▶ [Instructions for the task]
For this exercise, write out the full listing that follows exactly and skip its pictures.

==== Data under study

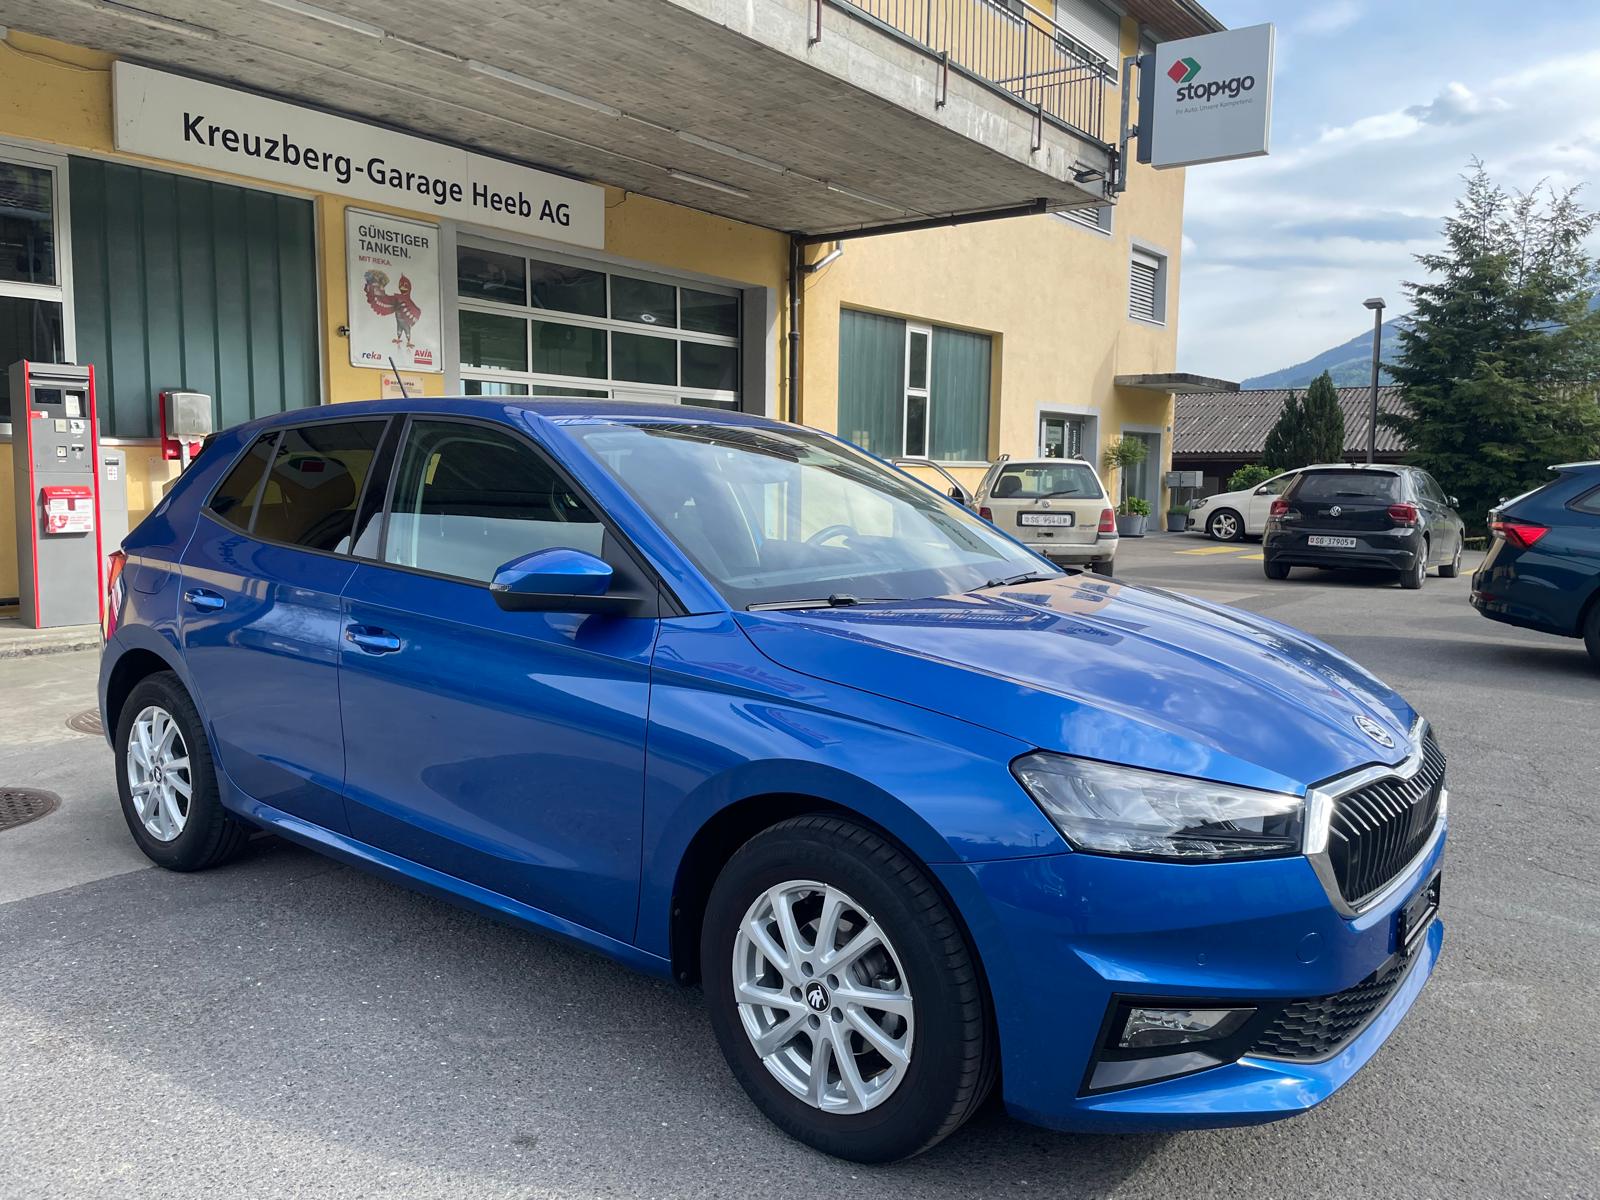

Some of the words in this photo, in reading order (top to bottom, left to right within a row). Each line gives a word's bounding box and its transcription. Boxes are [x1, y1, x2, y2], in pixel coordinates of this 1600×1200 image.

[1176, 76, 1255, 102] stop+go
[183, 112, 463, 205] Kreuzberg-Garage
[472, 182, 532, 218] Heeb
[539, 199, 571, 227] AG
[358, 224, 429, 248] GÜNSTIGER
[358, 239, 412, 259] TANKEN.
[358, 255, 371, 263] MIT
[372, 256, 393, 266] REKA.
[361, 351, 382, 361] reka
[414, 349, 433, 358] AVIA

========

▶ [Answer to the problem]
Some of the words in this photo, in reading order (top to bottom, left to right within a row). Each line gives a word's bounding box and its transcription. Boxes are [x1, y1, x2, y2], in pixel coordinates of this 1600×1200 image.

[1176, 76, 1255, 102] stop+go
[183, 112, 463, 205] Kreuzberg-Garage
[472, 182, 532, 218] Heeb
[539, 199, 571, 227] AG
[358, 224, 429, 248] GÜNSTIGER
[358, 239, 412, 259] TANKEN.
[358, 255, 371, 263] MIT
[372, 256, 393, 266] REKA.
[361, 351, 382, 361] reka
[414, 349, 433, 358] AVIA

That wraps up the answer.